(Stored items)

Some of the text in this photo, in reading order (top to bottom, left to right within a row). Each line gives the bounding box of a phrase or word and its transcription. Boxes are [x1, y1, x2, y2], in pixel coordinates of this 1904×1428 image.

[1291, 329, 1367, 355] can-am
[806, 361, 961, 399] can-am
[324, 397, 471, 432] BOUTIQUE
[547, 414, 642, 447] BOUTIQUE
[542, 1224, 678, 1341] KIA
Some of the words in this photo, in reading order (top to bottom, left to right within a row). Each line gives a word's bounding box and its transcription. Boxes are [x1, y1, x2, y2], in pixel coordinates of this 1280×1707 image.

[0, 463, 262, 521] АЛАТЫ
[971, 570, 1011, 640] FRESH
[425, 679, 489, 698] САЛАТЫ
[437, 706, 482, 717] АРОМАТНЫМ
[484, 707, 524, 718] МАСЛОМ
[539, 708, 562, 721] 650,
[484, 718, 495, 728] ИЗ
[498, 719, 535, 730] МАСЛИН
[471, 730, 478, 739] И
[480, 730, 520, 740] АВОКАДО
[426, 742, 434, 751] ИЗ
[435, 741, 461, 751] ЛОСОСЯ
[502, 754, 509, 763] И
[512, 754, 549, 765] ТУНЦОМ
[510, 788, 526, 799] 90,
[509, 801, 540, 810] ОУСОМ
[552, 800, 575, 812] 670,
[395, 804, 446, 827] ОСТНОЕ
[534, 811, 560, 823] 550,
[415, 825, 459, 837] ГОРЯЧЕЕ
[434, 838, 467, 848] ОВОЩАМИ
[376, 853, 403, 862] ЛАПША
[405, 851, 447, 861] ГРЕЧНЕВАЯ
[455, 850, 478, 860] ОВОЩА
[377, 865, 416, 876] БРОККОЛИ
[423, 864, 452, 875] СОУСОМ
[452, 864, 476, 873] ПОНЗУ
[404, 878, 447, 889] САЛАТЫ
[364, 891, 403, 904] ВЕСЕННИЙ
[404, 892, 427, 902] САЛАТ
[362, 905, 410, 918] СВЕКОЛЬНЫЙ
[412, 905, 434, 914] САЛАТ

PROBLEM DESCRIPTION: Please reproduce the records above in their entirety, exactly as given.

TASK RESPONSE:
Some of the text in this photo, in reading order (top to bottom, left to right within a row). Each line gives the bounding box of a phrase or word and its transcription. Boxes are [x1, y1, x2, y2], in pixel coordinates of this 1904×1428 image.

[1291, 329, 1367, 355] can-am
[806, 361, 961, 399] can-am
[324, 397, 471, 432] BOUTIQUE
[547, 414, 642, 447] BOUTIQUE
[542, 1224, 678, 1341] KIA
Some of the words in this photo, in reading order (top to bottom, left to right within a row). Each line gives a word's bounding box and its transcription. Boxes are [x1, y1, x2, y2], in pixel coordinates of this 1280×1707 image.

[0, 463, 262, 521] АЛАТЫ
[971, 570, 1011, 640] FRESH
[425, 679, 489, 698] САЛАТЫ
[437, 706, 482, 717] АРОМАТНЫМ
[484, 707, 524, 718] МАСЛОМ
[539, 708, 562, 721] 650,
[484, 718, 495, 728] ИЗ
[498, 719, 535, 730] МАСЛИН
[471, 730, 478, 739] И
[480, 730, 520, 740] АВОКАДО
[426, 742, 434, 751] ИЗ
[435, 741, 461, 751] ЛОСОСЯ
[502, 754, 509, 763] И
[512, 754, 549, 765] ТУНЦОМ
[510, 788, 526, 799] 90,
[509, 801, 540, 810] ОУСОМ
[552, 800, 575, 812] 670,
[395, 804, 446, 827] ОСТНОЕ
[534, 811, 560, 823] 550,
[415, 825, 459, 837] ГОРЯЧЕЕ
[434, 838, 467, 848] ОВОЩАМИ
[376, 853, 403, 862] ЛАПША
[405, 851, 447, 861] ГРЕЧНЕВАЯ
[455, 850, 478, 860] ОВОЩА
[377, 865, 416, 876] БРОККОЛИ
[423, 864, 452, 875] СОУСОМ
[452, 864, 476, 873] ПОНЗУ
[404, 878, 447, 889] САЛАТЫ
[364, 891, 403, 904] ВЕСЕННИЙ
[404, 892, 427, 902] САЛАТ
[362, 905, 410, 918] СВЕКОЛЬНЫЙ
[412, 905, 434, 914] САЛАТ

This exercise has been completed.